CIDER-Seq stands for Circular DNA Enrichment Sequencing.
This is kind of obvious but it bears repeating. Viral nucleic acids in host organisms can be very diverse and this makes it difficult to sequence them accurately.
Currently there are two major methods to sequence viruses, a) short-read next generation sequencing (NGS) and b) cloning and Sanger sequencing. They both have drawbacks: short read NGS cannot perform de novo sequencing of full length viral genomes (see Q1); Sanger sequencing is terribly expensive and requires a lot of manual work.
In this study we've come up with a method that we think balances (at least to some extent!) the depth/economy of short-read NGS with the accuracy of Sanger sequencing.
We had some design criteria in mind when coming up with CIDER-Seq. We don't want to limit users to having prior knowledge of a target virus, i.e. conserved sequences for PCR or restriction digests, and we don't want to rely on a pre-existing (usually Sanger sequenced) reference genome for assembly.
In the end, our method does require some prior knowledge, primarily about the virus genome structure.
Our lab works on cassava, a very important tropical food crop. A majority of cassava production today occurs in Africa (though the crop is originally from South America). The -problem in Africa though is that cassava plants are vulnerable to periodic virus diseases, primarily the cassava mosaic disease. This disease is caused by the cassava geminiviruses, single-stranded DNA viruses that are actually composed of two genomic DNAs in a single infectious particle.
For this study, we sampled symptomatic cassava leaves from 6 individuals in a field trial in Kenya (red circle on map) and attempted to sequence whole genomes of the infecting viruses.
Our new method has two main steps: enrichment, and sequencing. The pipeline described above allows us to selectively enrich viral DNA from total DNA extracts of the infected host. It does this via an automated size selection step followed by a random circular amplification and de-branching steps. Random circular amplification is a very popular technique that used the phage Phi29 DNA Polymerase to amplify circular molecules primed with random oligonucleotides. This results in long, branched amplicons which often comprise multiple concatenated copies of the original templates. After enrichment, we use long-read SMRT sequencing (Pacific Biosciences Inc.). We sequenced two libraries, one in which step 8 is skipped (called NSS for non-size selected) and one in which step 8 is performed (called SS for size-selected).
The raw sequence data we obtained from the SMRT run needed to be processed, mainly because we sequenced hyperbranched products arising from the random amplification step. Since no one had ever deep-sequenced these products directly before, we had to develop a custom analysis pipeline and de-concatenation algorithm (unimaginatively christened DeConcat) to get sensible looking genome sequences.
Looking at the SMRT sequencing reads that met our quality and size thresholds, we found that we'd attained nearly complete enrichment of viral DNA in both libraries!

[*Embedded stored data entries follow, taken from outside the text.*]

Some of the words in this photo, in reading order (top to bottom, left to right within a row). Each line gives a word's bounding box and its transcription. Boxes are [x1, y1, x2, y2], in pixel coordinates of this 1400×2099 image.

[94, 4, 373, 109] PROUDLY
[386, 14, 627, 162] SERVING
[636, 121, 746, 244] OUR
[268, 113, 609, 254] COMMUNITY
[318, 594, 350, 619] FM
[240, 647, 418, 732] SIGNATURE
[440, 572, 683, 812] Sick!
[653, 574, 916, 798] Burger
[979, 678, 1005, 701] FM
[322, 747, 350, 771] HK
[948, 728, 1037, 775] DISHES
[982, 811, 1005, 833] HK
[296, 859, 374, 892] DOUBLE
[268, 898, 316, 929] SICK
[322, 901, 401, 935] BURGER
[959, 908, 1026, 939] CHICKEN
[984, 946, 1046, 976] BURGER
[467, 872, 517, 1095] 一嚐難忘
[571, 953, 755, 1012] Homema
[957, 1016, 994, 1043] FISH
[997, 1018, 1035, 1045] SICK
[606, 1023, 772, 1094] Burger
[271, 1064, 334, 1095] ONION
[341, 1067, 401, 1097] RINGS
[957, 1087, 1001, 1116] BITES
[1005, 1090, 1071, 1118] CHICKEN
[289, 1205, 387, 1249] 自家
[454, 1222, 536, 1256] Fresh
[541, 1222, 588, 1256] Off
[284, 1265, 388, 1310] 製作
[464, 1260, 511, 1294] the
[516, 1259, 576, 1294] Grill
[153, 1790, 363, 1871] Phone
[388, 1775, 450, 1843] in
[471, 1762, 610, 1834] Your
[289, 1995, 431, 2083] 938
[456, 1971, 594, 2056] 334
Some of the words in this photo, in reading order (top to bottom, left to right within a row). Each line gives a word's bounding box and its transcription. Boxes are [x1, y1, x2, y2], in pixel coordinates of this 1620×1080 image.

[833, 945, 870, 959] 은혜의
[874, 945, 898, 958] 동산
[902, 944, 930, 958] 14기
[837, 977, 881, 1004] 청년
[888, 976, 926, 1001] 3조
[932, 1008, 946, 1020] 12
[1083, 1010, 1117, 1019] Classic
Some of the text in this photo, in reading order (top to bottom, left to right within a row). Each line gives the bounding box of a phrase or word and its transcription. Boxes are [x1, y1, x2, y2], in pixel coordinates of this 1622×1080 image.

Looking at the size distributions of sequencing reads before and after the DeConcat algorithm we found that DeConcat works really effectively at reducing concatenated sequences into their individual, real, components.
Here's an overview of how DeConcat works. Basically we first divide our raw sequence into two parts, first at the 30th nucleotide from the start. Next we align these two fragments, either regularly or after reverse complementing one of the fragments. We record the alignment score and go back to step 1, repeating the cutting and alignment process at increments of 30 nucleotides. Once all possible iterations are completed we select the highest scoring alignment and proceed to the next step. Here, we observed that alignments can take the form of one of 8 possible cases. Each is resolved in the manner shown. The case-resolution is done so as to maintain the original sequence topology as much as possible. Once the resolution is completed, we pass the now shorter sequence back through the entire process starting with step 1.
From our dataset we obtained a total of 270 full length cassava geminiviral genomes. We phased these genomes so that they all start at the same position and then performed some taxonomic and phylogenetic analysis to identify the likely identities of the virus species and strains in our dataset.
Our marketing slide!
We obtained full length genomes, each from sequencing single molecules. This means we've completely eliminated all assembly steps.
A cost comparison with the previous Sanger sequencing approach used by our lab and others.
Finally, in order to annotate our genomes, we did have to use the reference sequence, but this is not required for simply obtaining the genome sequences. And annotation can also be performed using distant 'reference' viruses.